[Records contained in a dataset]
# # # #
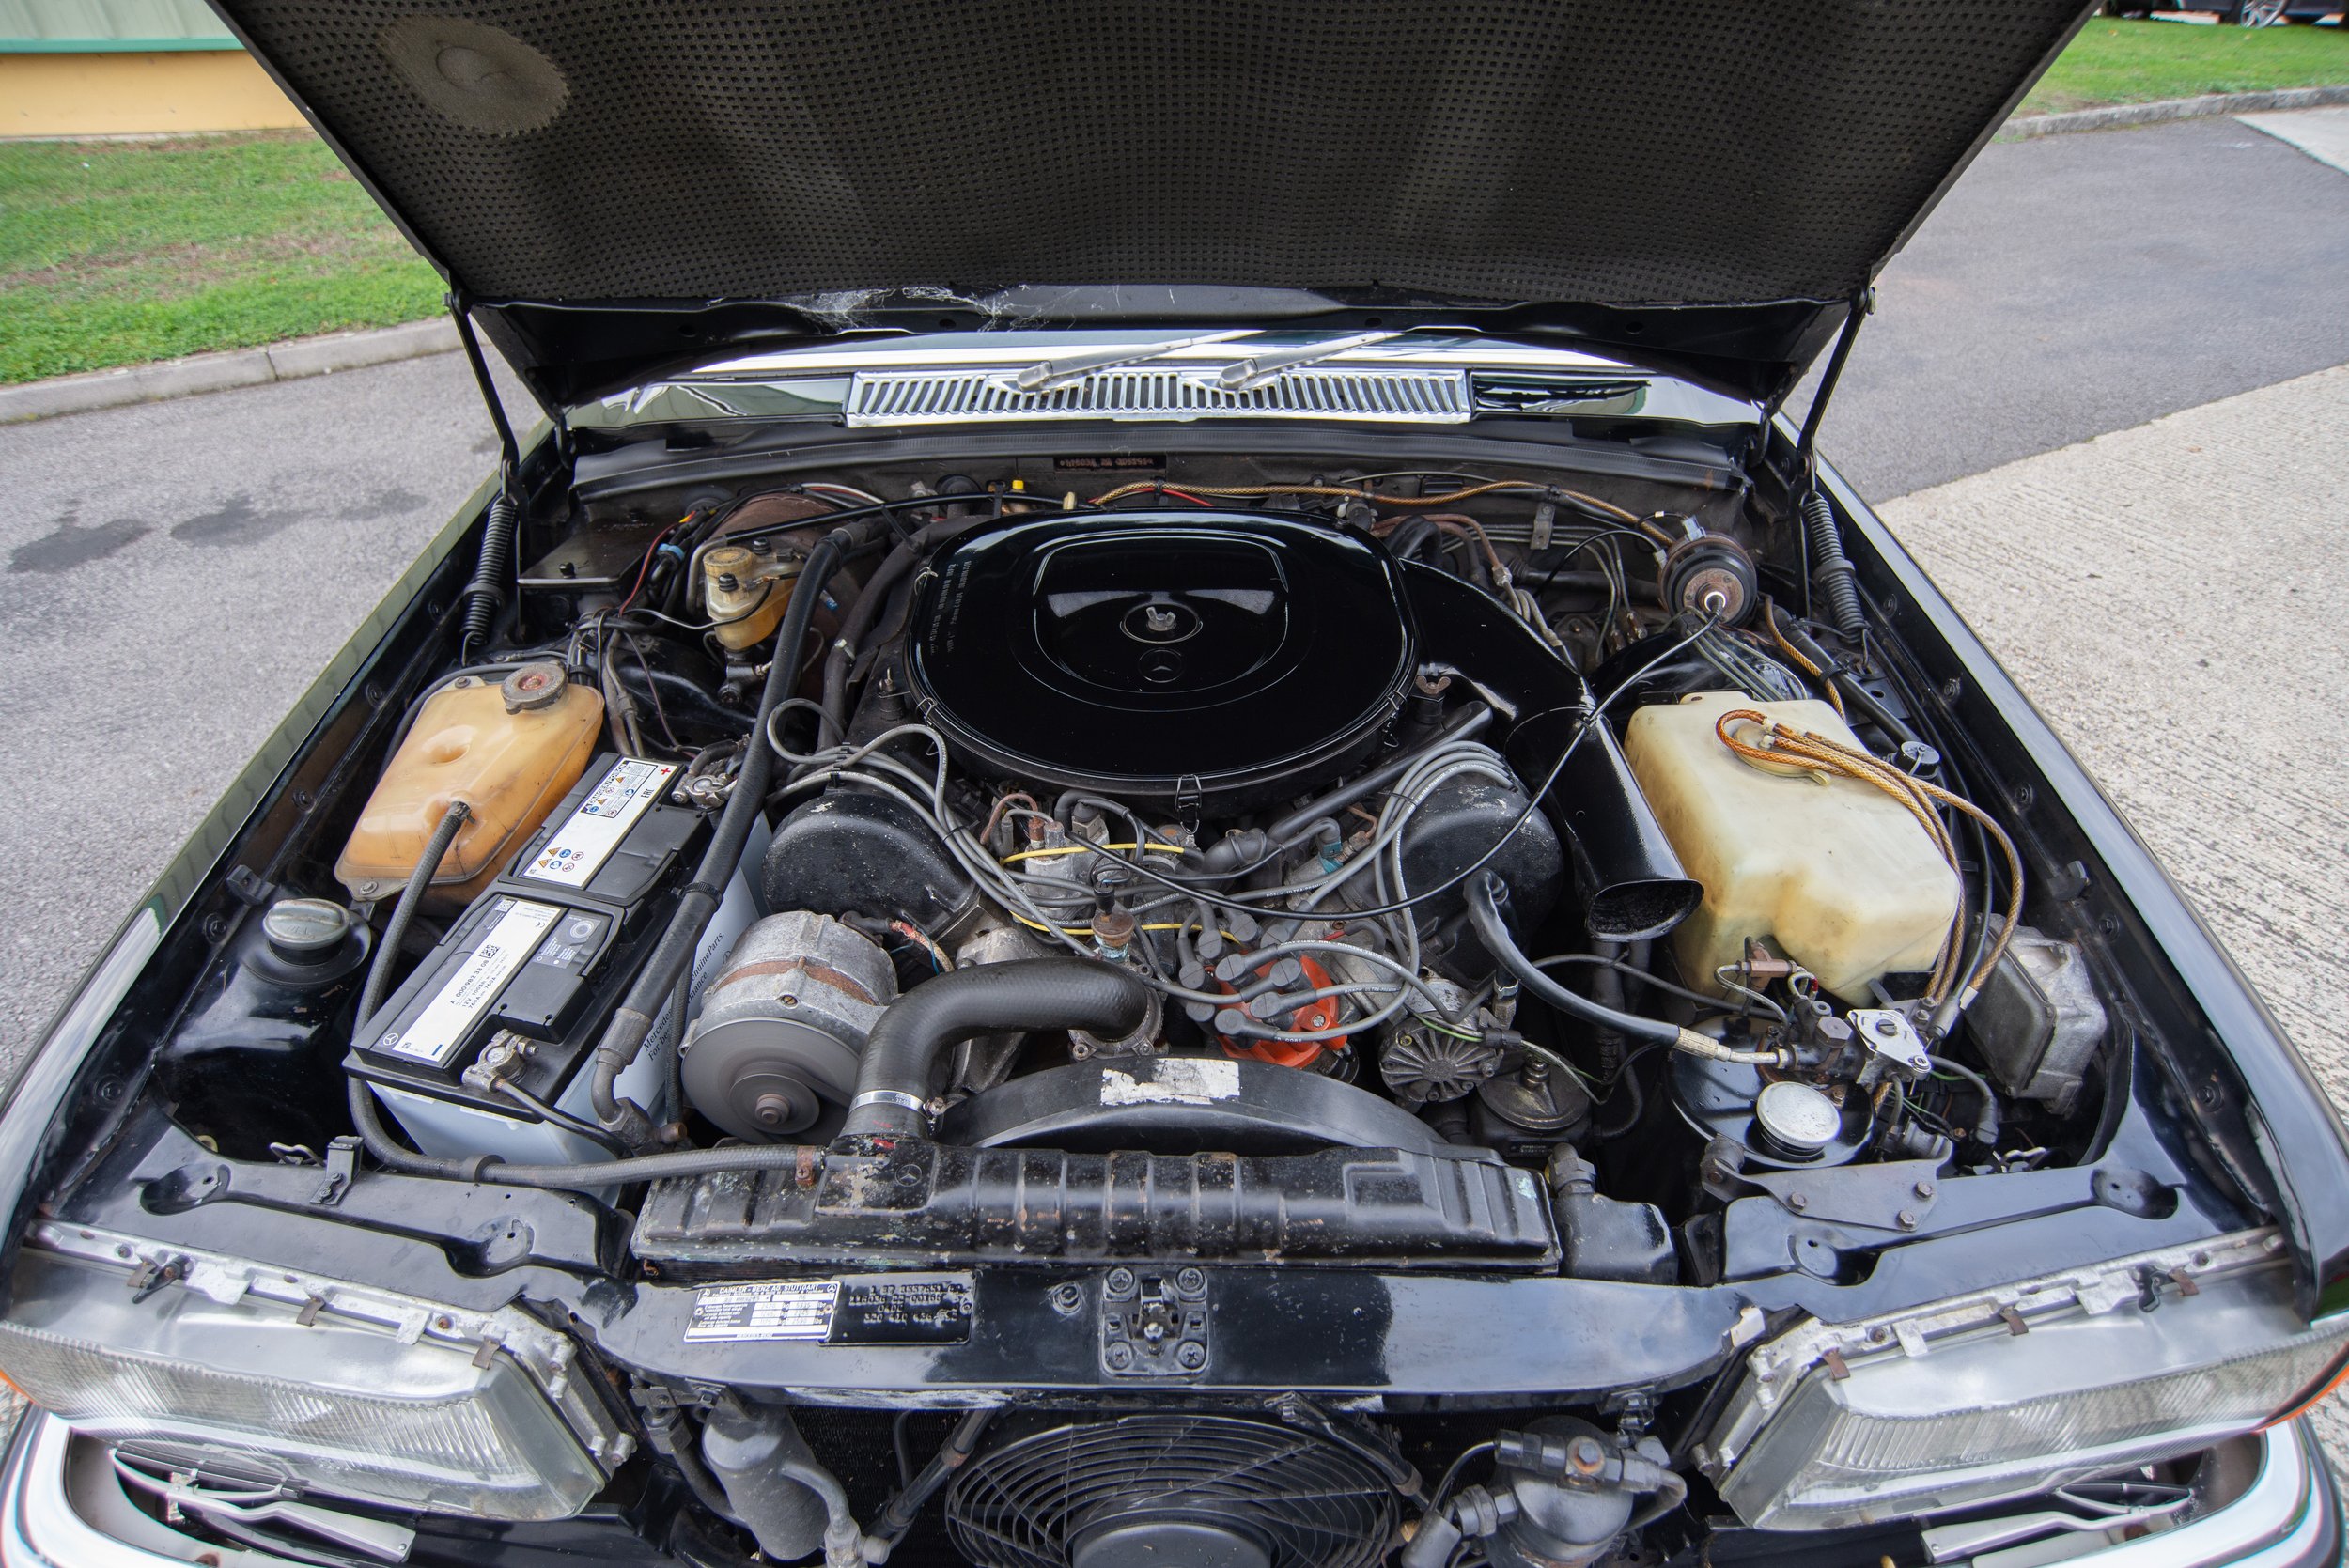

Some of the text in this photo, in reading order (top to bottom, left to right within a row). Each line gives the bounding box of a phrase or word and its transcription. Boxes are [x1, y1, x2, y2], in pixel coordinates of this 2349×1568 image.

[691, 932, 725, 982] enuineParts.
[1384, 957, 1403, 970] BOSCH
[456, 986, 467, 998] 000
[465, 975, 476, 986] 982
[648, 1045, 661, 1063] For
[719, 1286, 747, 1295] DAIMLER
[752, 1284, 770, 1293] BENZ
[784, 1283, 818, 1292] STUTTGART
# # # #
PROBLEM DETAILS: Before you finish, make sure every line above has been repeated exactly and no picture remains in the copy.

RESULT OF THIS EXERCISE:
Some of the text in this photo, in reading order (top to bottom, left to right within a row). Each line gives the bounding box of a phrase or word and its transcription. Boxes are [x1, y1, x2, y2], in pixel coordinates of this 2349×1568 image.

[691, 932, 725, 982] enuineParts.
[1384, 957, 1403, 970] BOSCH
[456, 986, 467, 998] 000
[465, 975, 476, 986] 982
[648, 1045, 661, 1063] For
[719, 1286, 747, 1295] DAIMLER
[752, 1284, 770, 1293] BENZ
[784, 1283, 818, 1292] STUTTGART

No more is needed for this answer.